Your goal |
The listing is to be returned word for word, without its images.

Segment Open

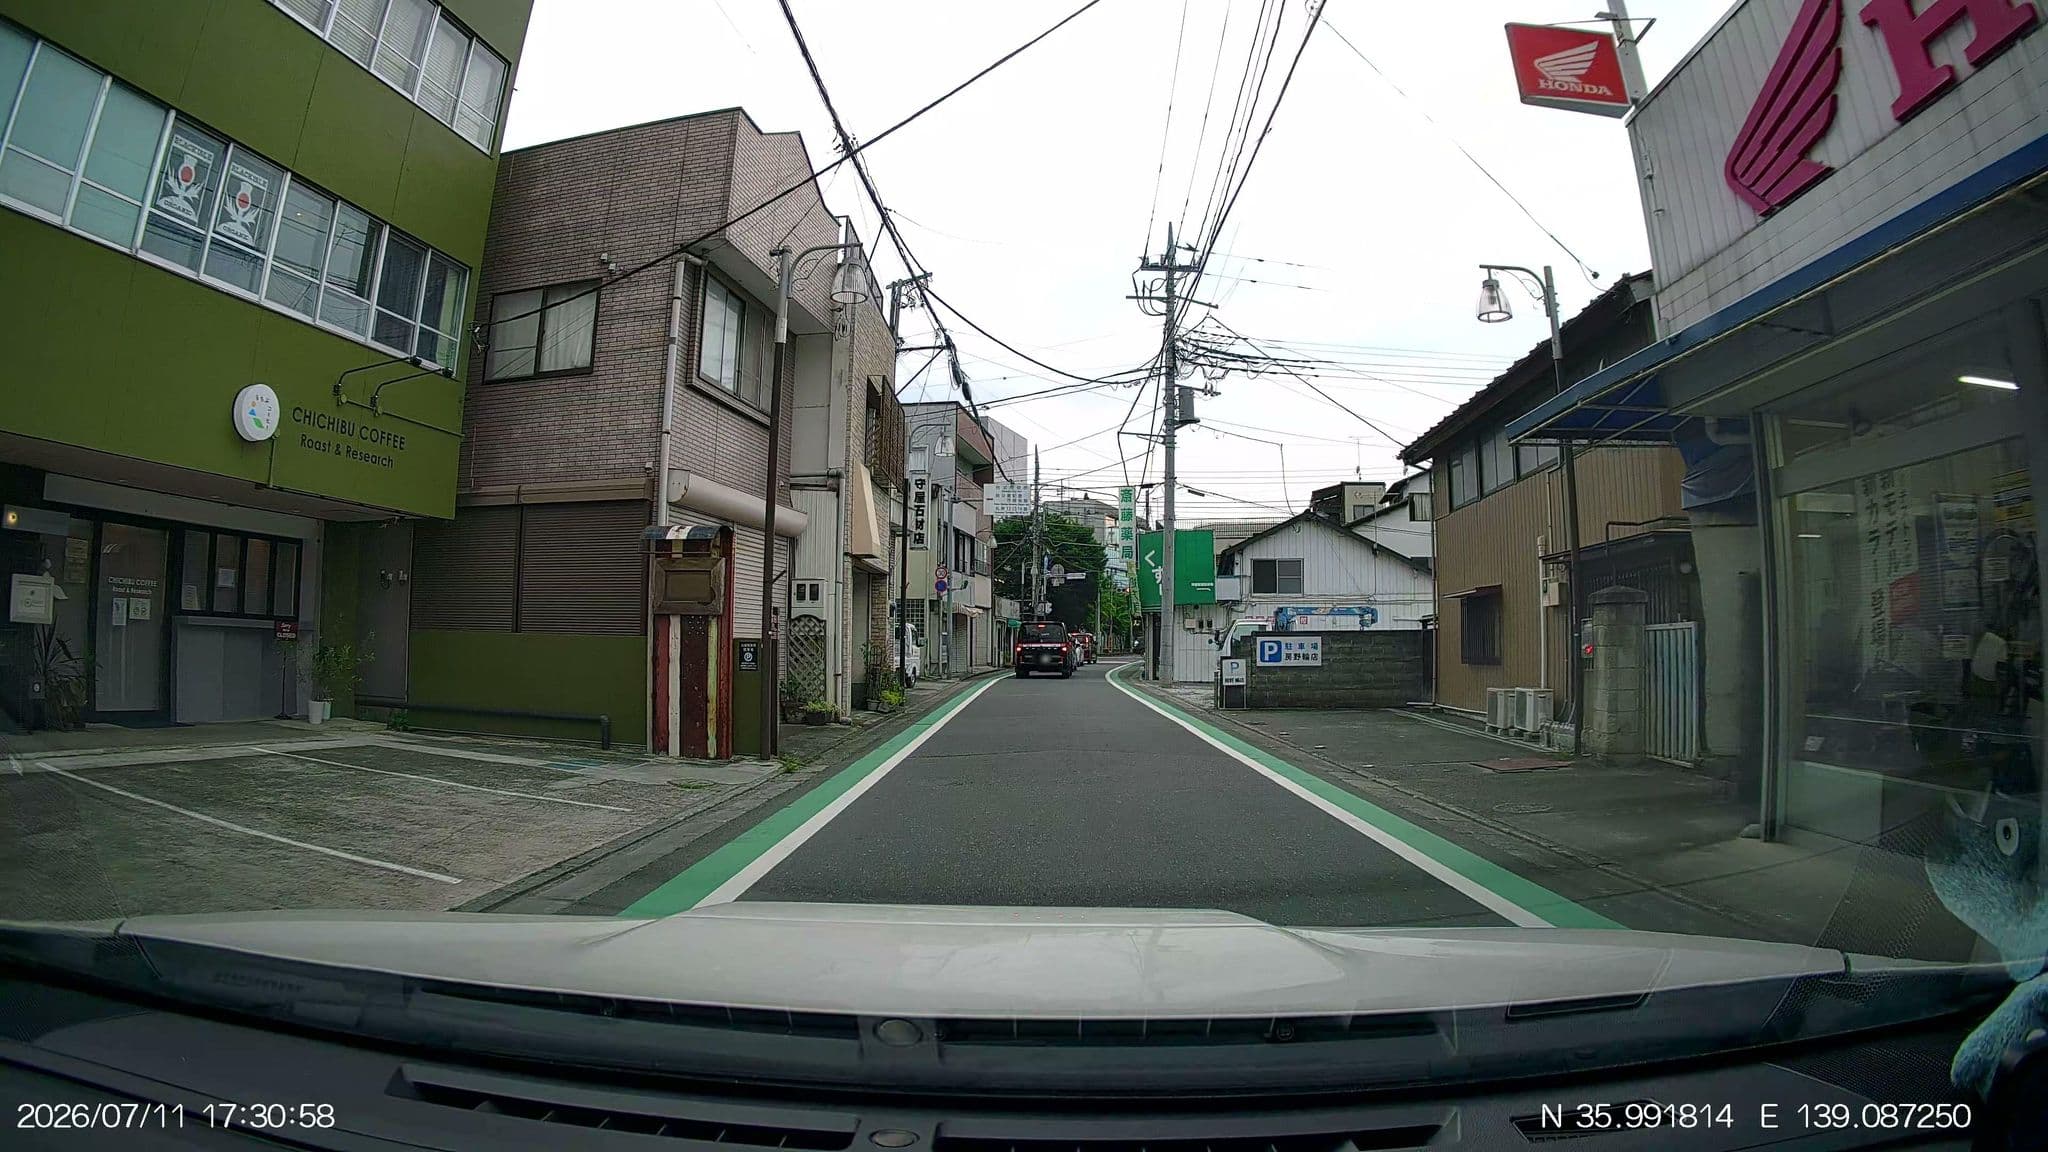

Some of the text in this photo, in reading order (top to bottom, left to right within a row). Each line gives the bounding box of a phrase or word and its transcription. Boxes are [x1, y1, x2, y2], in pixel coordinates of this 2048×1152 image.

[1538, 79, 1614, 96] HONDA
[292, 407, 406, 450] CHICHIBU COFFEE
[301, 433, 394, 468] Roast & Research
[914, 479, 926, 545] 守屋石材店
[1264, 642, 1279, 661] P
[1285, 642, 1319, 650] 駐車場
[1230, 662, 1240, 673] P

Segment Closed

Task answer |
Some of the text in this photo, in reading order (top to bottom, left to right within a row). Each line gives the bounding box of a phrase or word and its transcription. Boxes are [x1, y1, x2, y2], in pixel coordinates of this 2048×1152 image.

[1538, 79, 1614, 96] HONDA
[292, 407, 406, 450] CHICHIBU COFFEE
[301, 433, 394, 468] Roast & Research
[914, 479, 926, 545] 守屋石材店
[1264, 642, 1279, 661] P
[1285, 642, 1319, 650] 駐車場
[1230, 662, 1240, 673] P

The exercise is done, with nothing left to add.